What is expected:
Hand back all records exactly, pictures omitted.

▬▬▬

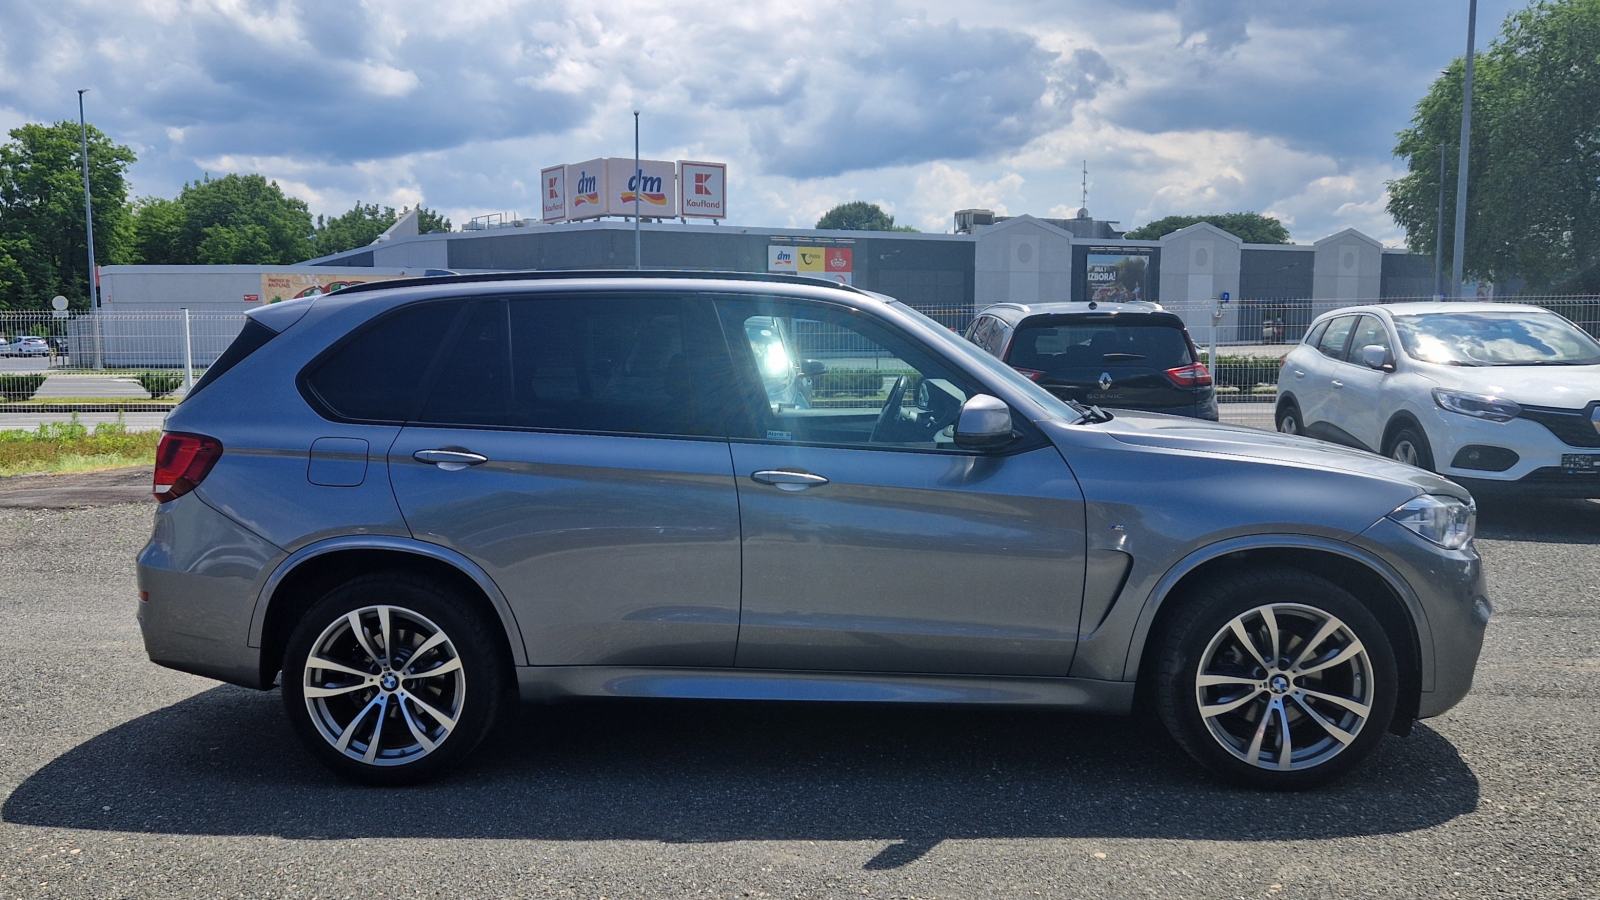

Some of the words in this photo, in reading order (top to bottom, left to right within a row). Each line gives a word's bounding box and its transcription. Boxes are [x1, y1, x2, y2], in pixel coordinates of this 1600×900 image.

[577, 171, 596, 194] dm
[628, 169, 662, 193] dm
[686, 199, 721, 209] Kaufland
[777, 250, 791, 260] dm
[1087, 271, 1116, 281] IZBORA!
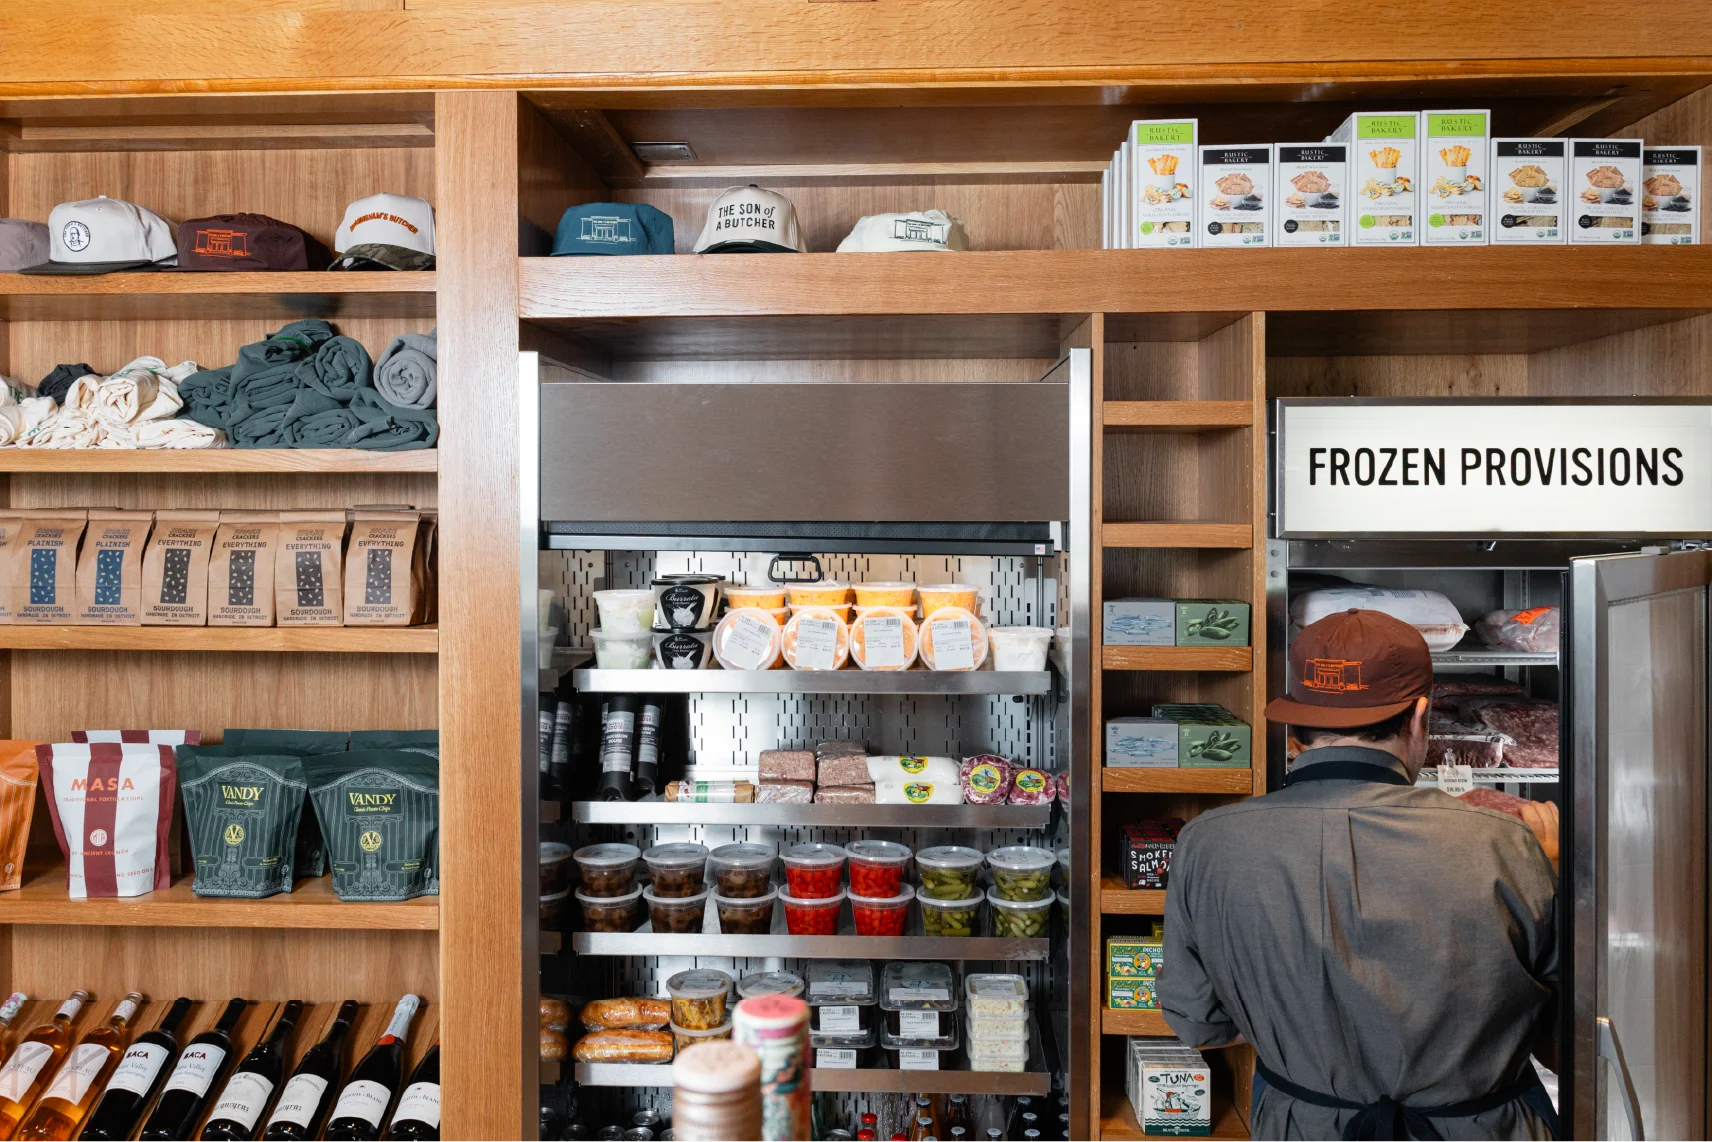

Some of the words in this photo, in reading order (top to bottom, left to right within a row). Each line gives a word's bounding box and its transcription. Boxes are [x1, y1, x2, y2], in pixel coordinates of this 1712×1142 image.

▬▬▬

Output of the exercise:
Some of the words in this photo, in reading order (top to bottom, left to right within a row). Each line gives a word's bounding box and its transcription. Boxes are [x1, y1, x2, y2], in pixel coordinates of this 1600×900 image.

[577, 171, 596, 194] dm
[628, 169, 662, 193] dm
[686, 199, 721, 209] Kaufland
[777, 250, 791, 260] dm
[1087, 271, 1116, 281] IZBORA!

Some of the words in this photo, in reading order (top to bottom, left to right within a row). Each line gives a word's bounding box and its transcription. Boxes are [x1, y1, x2, y2], in pixel coordinates of this 1712×1142 image.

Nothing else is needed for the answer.